Booker Prize urged to consider changing name over slavery link
Radio 1Xtra host Richie Brave has said the Booker Prize, awarded since 1969 for the best work of fiction in English, should consider a name change because of links to slavery.
Brave revealed that his legal surname was Booker and that his ancestors were enslaved by George and Josias Booker, the founders of the company that later went on to sponsor the prize.
“I hope that Booker will start asking themselves some questions around the name,” he told The Guardian.
“That name was inflicted upon us. As an organisation, you have a choice to change your name to something different,” he added.
“I personally wouldn’t want to retain a name that’s associated with that.”
The organisers of the prestigious literary prize had earlier modified an article about the Booker brothers and their ties to slavery.
The article detailed the history of wholesale food distributor Booker McConnell, which sponsored the Booker Prize from 1968 to 2002.
Josias Booker left Liverpool for Demerara in what was then British Guiana in 1815 to run a cotton plantation, called Broom Hall, where he enslaved around 200 people. Josias was later joined by his brother George.
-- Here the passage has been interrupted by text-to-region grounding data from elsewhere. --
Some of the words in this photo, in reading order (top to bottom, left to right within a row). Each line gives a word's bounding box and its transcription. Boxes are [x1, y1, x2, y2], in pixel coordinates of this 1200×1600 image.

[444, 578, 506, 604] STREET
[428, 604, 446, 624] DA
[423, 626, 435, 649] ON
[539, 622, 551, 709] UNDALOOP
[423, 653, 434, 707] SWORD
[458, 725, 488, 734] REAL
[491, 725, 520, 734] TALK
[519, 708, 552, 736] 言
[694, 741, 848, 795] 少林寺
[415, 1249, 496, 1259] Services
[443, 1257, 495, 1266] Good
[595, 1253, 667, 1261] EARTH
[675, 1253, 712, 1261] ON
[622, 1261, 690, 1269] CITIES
The article went on to mention that the brothers received £2,884 from the British government when slavery was abolished in 1833, as compensation for 52 emancipated slaves.
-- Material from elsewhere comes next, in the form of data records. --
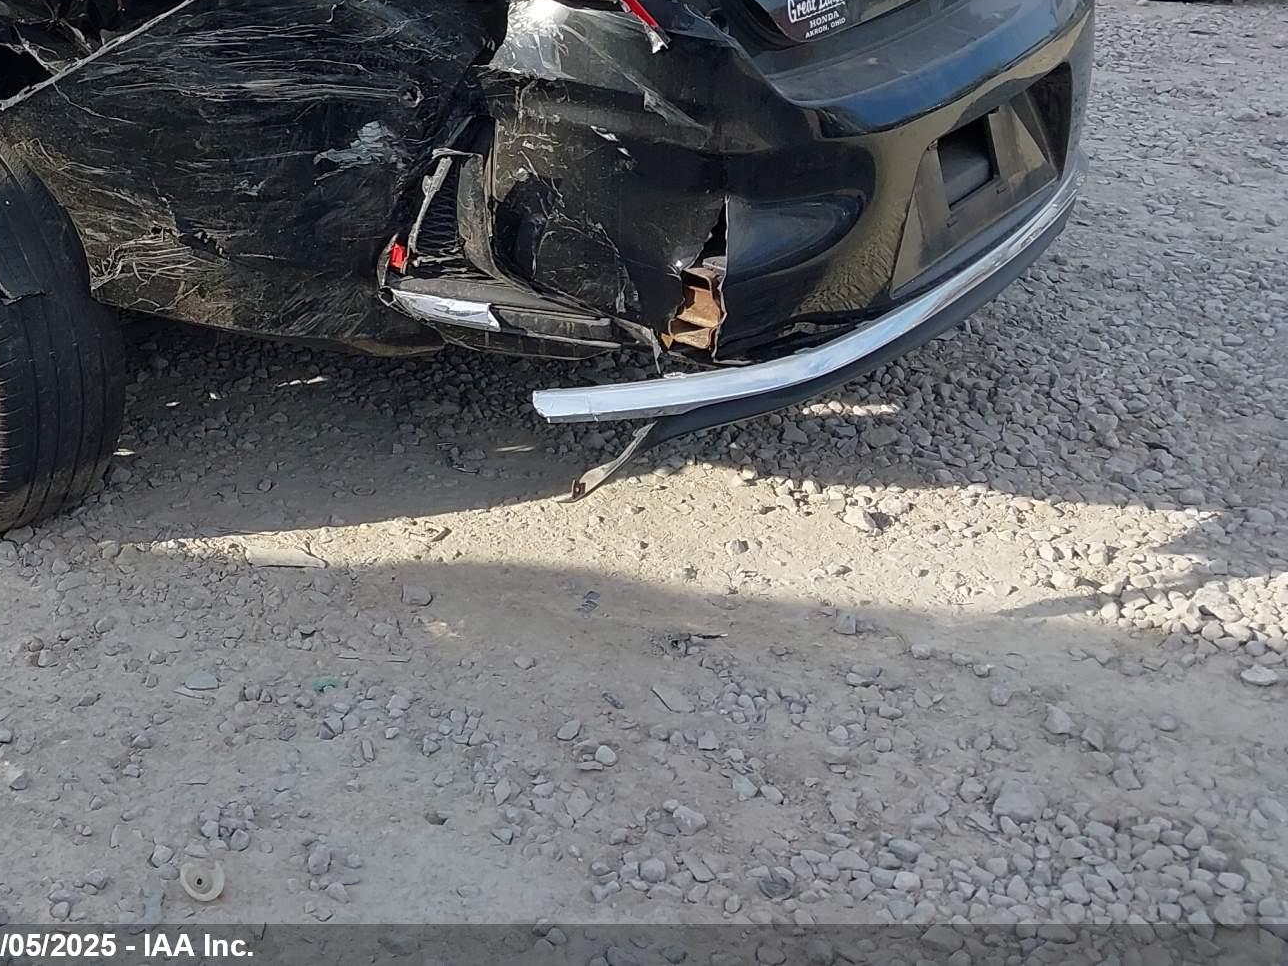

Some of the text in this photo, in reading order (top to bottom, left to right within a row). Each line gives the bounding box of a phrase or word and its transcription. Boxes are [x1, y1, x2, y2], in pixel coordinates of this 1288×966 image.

[805, 17, 846, 38] AKRON, OHIO
[809, 10, 840, 28] HONDA
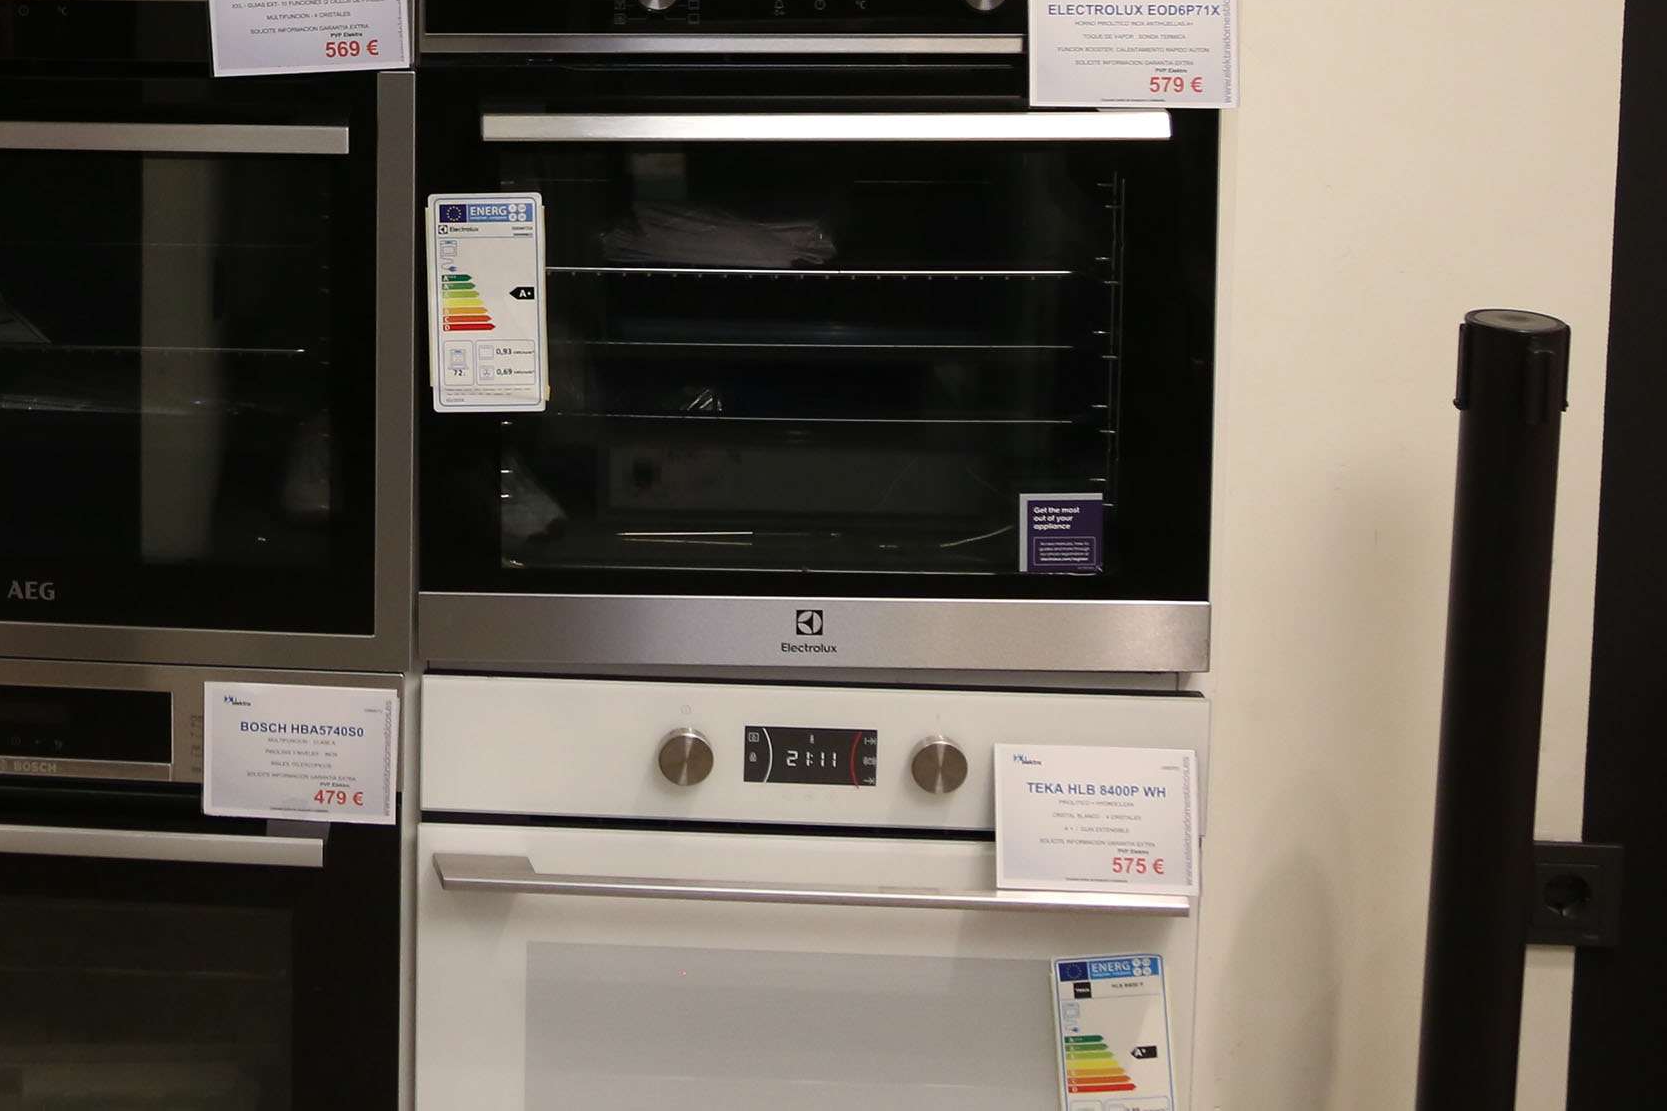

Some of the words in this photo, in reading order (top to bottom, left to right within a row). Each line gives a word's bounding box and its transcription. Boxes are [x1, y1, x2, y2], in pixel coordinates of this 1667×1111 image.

[1048, 4, 1143, 16] ELECTROLUX
[1147, 4, 1220, 16] EOD6P71X
[325, 40, 360, 58] 569
[366, 40, 379, 56] €
[1149, 77, 1184, 93] 579
[1190, 76, 1203, 93] €
[470, 206, 508, 216] ENERG
[495, 348, 512, 356] 0,93
[7, 580, 55, 601] AEG
[781, 642, 838, 653] Electrolux
[240, 721, 287, 734] BOSCH
[291, 724, 364, 737] HBA5740S0
[786, 750, 837, 767] 21:11
[14, 761, 57, 773] BOSCH
[314, 790, 347, 805] 479
[353, 791, 364, 806] €
[1026, 782, 1063, 795] TEKA
[1068, 784, 1095, 796] HLB
[1099, 785, 1140, 797] 8400P
[1143, 787, 1167, 798] WH
[1112, 857, 1147, 874] 575
[1153, 858, 1165, 875] €
[1091, 961, 1131, 973] ENERG
The Bank of England estimates the compensation received by the brothers to be equivalent to £285,836 in 2024.
The article originally referred to the Bookers as having ‘managed nearly 200 enslaved people,’ a characterisation that Brave called out in a post on X.
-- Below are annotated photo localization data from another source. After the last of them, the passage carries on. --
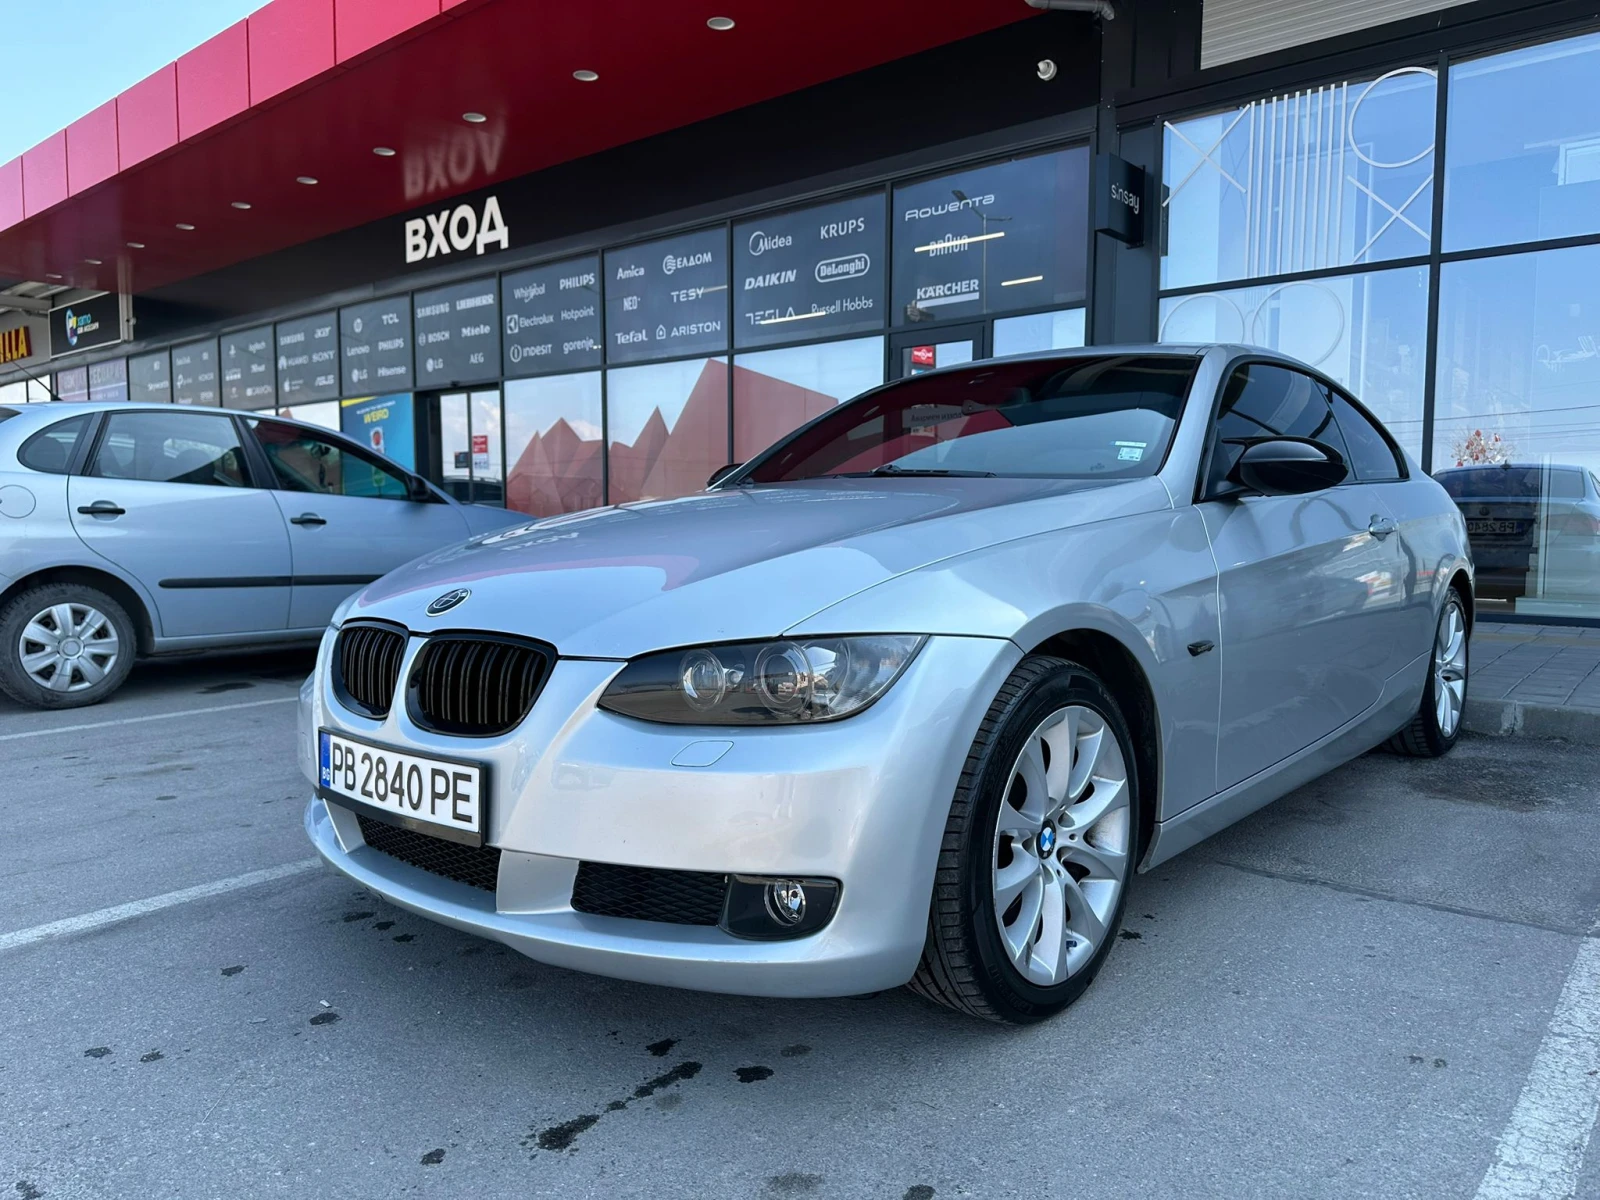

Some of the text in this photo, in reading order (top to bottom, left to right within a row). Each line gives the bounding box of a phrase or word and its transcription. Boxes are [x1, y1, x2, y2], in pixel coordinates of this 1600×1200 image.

[1111, 182, 1139, 215] sinsay
[405, 195, 509, 263] ВХОД
[820, 217, 865, 239] KRUPS
[750, 231, 792, 256] Midea
[616, 265, 645, 280] Amica
[744, 269, 797, 290] DAIKIN
[559, 272, 595, 290] PHILIPS
[916, 279, 979, 299] KÄRCHER
[513, 283, 546, 303] Whirlpool
[670, 286, 705, 303] TESY
[416, 302, 450, 318] SAMSUNG
[456, 293, 494, 311] LIEBHERR
[811, 296, 873, 315] Russell Hobbs
[381, 313, 399, 325] TCL
[519, 313, 554, 328] Electrolux
[560, 305, 595, 321] Hotpoint
[745, 306, 796, 325] TESLA
[428, 331, 450, 343] BOSCH
[460, 324, 491, 338] Miele
[615, 329, 648, 344] Tefal
[670, 321, 721, 337] ARISTON
[346, 345, 370, 356] Lenovo
[378, 338, 404, 351] PHILIPS
[563, 336, 594, 354] gorenje
[312, 350, 336, 362] SONY
[434, 358, 444, 369] LG
[469, 353, 484, 364] AEG
[359, 369, 368, 380] LG
[377, 365, 407, 377] Hisense
[321, 765, 331, 781] BG
[332, 742, 473, 824] PB 2840 PE
“Josias & George did not ‘manage’ my family,” he wrote. “They enslaved them. That’s why we STILL have their last name. They were enslavers, not ‘managers’.”
Hi @TheBookerPrizes, I really appreciate the transparency. The enslaved African people referenced are my family.
Josias & George did not "manage" my family. They enslaved them. Thats why we STILL have their last name. They were enslavers, not "managers".https://t.co/exxOhSgQd8— Richie Brave 🇬🇾🇬🇾 (@RichieBrave) April 24, 2024
The article has since been edited to remove the reference to them having ‘managed’ the slaves.
“Don’t attempt to sanitise the horrors of slavery,” said Brave.
“When we’re not having the correct conversations, or we’re not using the correct language, not only are we dishonouring people’s ancestors but we are retraumatising people who already feel the trauma as a result of what happened in their families historically.”
In a separate post on X, Brave thanked the Booker organisers for considering his comments and editing the piece.
“I think this is the beginning of a very long conversation that attempts to start righting the wrongs that have happened historically,” he said.
Thank you @TheBookerPrizes for editing the site and clearly and accurately stating that the Booker brothers were enslavers. https://t.co/LbkG2AXmcB
— Richie Brave 🇬🇾🇬🇾 (@RichieBrave) April 24, 2024
A statement by the Booker organisers said: “A descendant of people enslaved by the Booker brothers in the 19th century contacted us on social media yesterday about an inaccuracy in a description of Booker’s history on our website. We appreciated his getting in touch and fully agree with his point about the importance of language.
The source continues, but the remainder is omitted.